_WHAT THE EXERCISE ASKS_
Your reply should be the entries, output word for word, with each picture omitted.

==== SUPPLIED ENTRIES

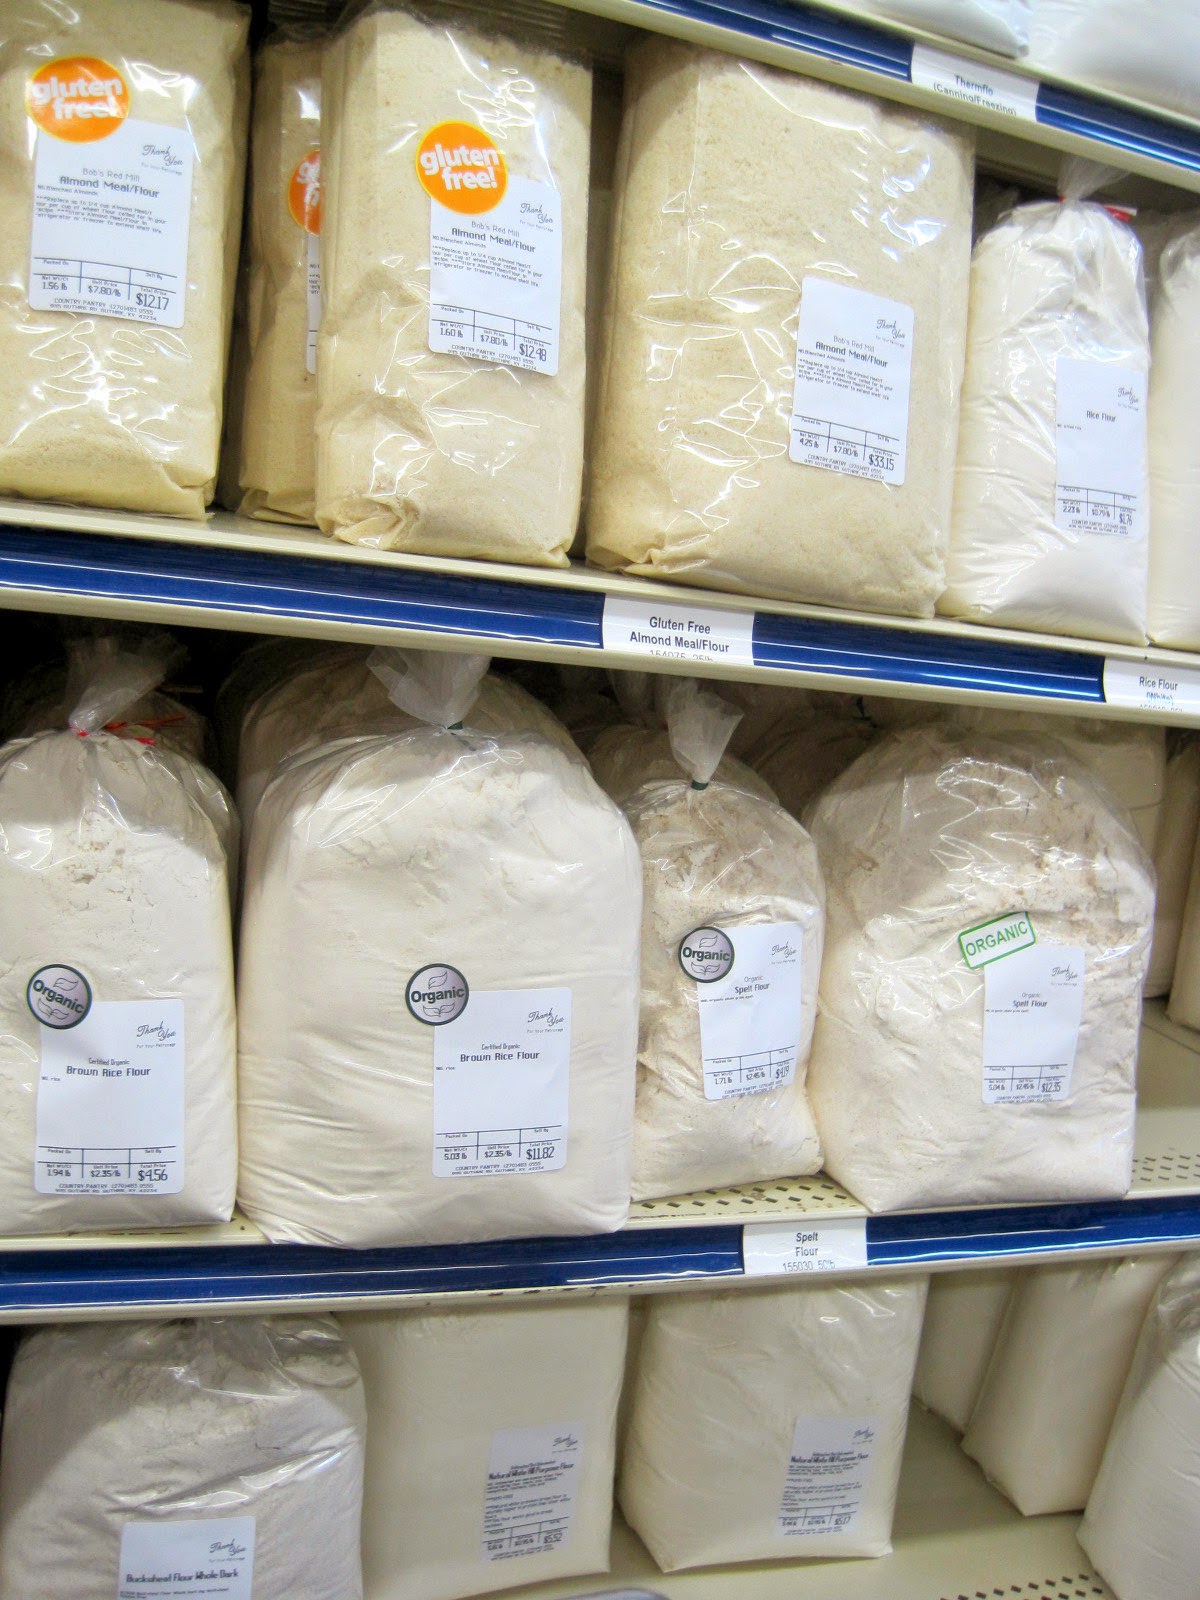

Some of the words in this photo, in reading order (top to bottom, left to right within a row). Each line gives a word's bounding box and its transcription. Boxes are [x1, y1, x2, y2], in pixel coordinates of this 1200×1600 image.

[31, 77, 123, 105] gluten
[955, 75, 993, 96] Thermflo
[142, 144, 171, 157] Thank
[163, 154, 183, 167] You
[419, 143, 499, 175] gluten
[83, 167, 104, 177] Bob's
[107, 169, 123, 180] Red
[126, 172, 140, 182] Mill
[442, 165, 496, 190] free!
[59, 175, 99, 188] Almond
[104, 181, 160, 198] Meal/Flour
[520, 202, 543, 214] Thank
[537, 213, 553, 224] You
[471, 220, 490, 231] Bob's
[492, 223, 505, 234] Red
[508, 227, 520, 238] Mill
[451, 227, 486, 241] Almond
[490, 235, 536, 252] Meal/Flour
[42, 281, 59, 290] 1.56
[135, 292, 169, 310] $12.17
[440, 327, 456, 337] 1.60
[876, 319, 896, 329] Thank
[891, 329, 906, 339] You
[833, 335, 850, 346] Bob's
[851, 340, 864, 349] Red
[519, 343, 547, 362] $12.48
[815, 341, 846, 355] Almond
[849, 350, 888, 368] Meal/Flour
[1086, 411, 1099, 419] Rice
[1102, 412, 1116, 422] Flour
[799, 437, 813, 447] 4.25
[868, 454, 895, 471] $33.15
[649, 616, 684, 631] Gluten
[688, 621, 711, 634] Free
[629, 631, 671, 646] Almond
[674, 636, 730, 652] Meal/Flour
[1139, 677, 1156, 688] Rice
[1158, 678, 1178, 691] Flour
[965, 921, 1028, 956] ORGANIC
[682, 946, 731, 962] Organic
[771, 941, 788, 956] Thank
[784, 948, 797, 958] You
[744, 975, 763, 983] Organic
[1051, 964, 1070, 977] Thank
[32, 979, 85, 1014] Organic
[411, 986, 465, 1004] Organic
[735, 985, 752, 994] Spelt
[755, 983, 770, 991] Flour
[1013, 1000, 1028, 1008] Spelt
[527, 1007, 553, 1023] Thank
[546, 1016, 564, 1027] You
[136, 1021, 163, 1038] Thank
[158, 1029, 176, 1041] You
[502, 1043, 520, 1051] Organic
[88, 1057, 110, 1066] Certified
[110, 1058, 130, 1066] Organic
[460, 1054, 491, 1062] Brown
[495, 1052, 514, 1061] Rice
[517, 1051, 540, 1060] Flour
[66, 1066, 98, 1076] Brown
[102, 1068, 122, 1077] Rice
[126, 1067, 151, 1077] Flour
[526, 1146, 555, 1161] $11.82
[48, 1169, 63, 1177] 1.94
[138, 1169, 168, 1181] $4.56
[796, 1232, 819, 1244] Spelt
[795, 1247, 819, 1257] Flour
[209, 1538, 235, 1553] Thank
[228, 1546, 247, 1556] You
[174, 1573, 194, 1582] Flour
[195, 1570, 218, 1579] Whole
[220, 1568, 239, 1578] Dark

========

_RESPONSE TO THE EXERCISE_
Some of the words in this photo, in reading order (top to bottom, left to right within a row). Each line gives a word's bounding box and its transcription. Boxes are [x1, y1, x2, y2], in pixel coordinates of this 1200×1600 image.

[31, 77, 123, 105] gluten
[955, 75, 993, 96] Thermflo
[142, 144, 171, 157] Thank
[163, 154, 183, 167] You
[419, 143, 499, 175] gluten
[83, 167, 104, 177] Bob's
[107, 169, 123, 180] Red
[126, 172, 140, 182] Mill
[442, 165, 496, 190] free!
[59, 175, 99, 188] Almond
[104, 181, 160, 198] Meal/Flour
[520, 202, 543, 214] Thank
[537, 213, 553, 224] You
[471, 220, 490, 231] Bob's
[492, 223, 505, 234] Red
[508, 227, 520, 238] Mill
[451, 227, 486, 241] Almond
[490, 235, 536, 252] Meal/Flour
[42, 281, 59, 290] 1.56
[135, 292, 169, 310] $12.17
[440, 327, 456, 337] 1.60
[876, 319, 896, 329] Thank
[891, 329, 906, 339] You
[833, 335, 850, 346] Bob's
[851, 340, 864, 349] Red
[519, 343, 547, 362] $12.48
[815, 341, 846, 355] Almond
[849, 350, 888, 368] Meal/Flour
[1086, 411, 1099, 419] Rice
[1102, 412, 1116, 422] Flour
[799, 437, 813, 447] 4.25
[868, 454, 895, 471] $33.15
[649, 616, 684, 631] Gluten
[688, 621, 711, 634] Free
[629, 631, 671, 646] Almond
[674, 636, 730, 652] Meal/Flour
[1139, 677, 1156, 688] Rice
[1158, 678, 1178, 691] Flour
[965, 921, 1028, 956] ORGANIC
[682, 946, 731, 962] Organic
[771, 941, 788, 956] Thank
[784, 948, 797, 958] You
[744, 975, 763, 983] Organic
[1051, 964, 1070, 977] Thank
[32, 979, 85, 1014] Organic
[411, 986, 465, 1004] Organic
[735, 985, 752, 994] Spelt
[755, 983, 770, 991] Flour
[1013, 1000, 1028, 1008] Spelt
[527, 1007, 553, 1023] Thank
[546, 1016, 564, 1027] You
[136, 1021, 163, 1038] Thank
[158, 1029, 176, 1041] You
[502, 1043, 520, 1051] Organic
[88, 1057, 110, 1066] Certified
[110, 1058, 130, 1066] Organic
[460, 1054, 491, 1062] Brown
[495, 1052, 514, 1061] Rice
[517, 1051, 540, 1060] Flour
[66, 1066, 98, 1076] Brown
[102, 1068, 122, 1077] Rice
[126, 1067, 151, 1077] Flour
[526, 1146, 555, 1161] $11.82
[48, 1169, 63, 1177] 1.94
[138, 1169, 168, 1181] $4.56
[796, 1232, 819, 1244] Spelt
[795, 1247, 819, 1257] Flour
[209, 1538, 235, 1553] Thank
[228, 1546, 247, 1556] You
[174, 1573, 194, 1582] Flour
[195, 1570, 218, 1579] Whole
[220, 1568, 239, 1578] Dark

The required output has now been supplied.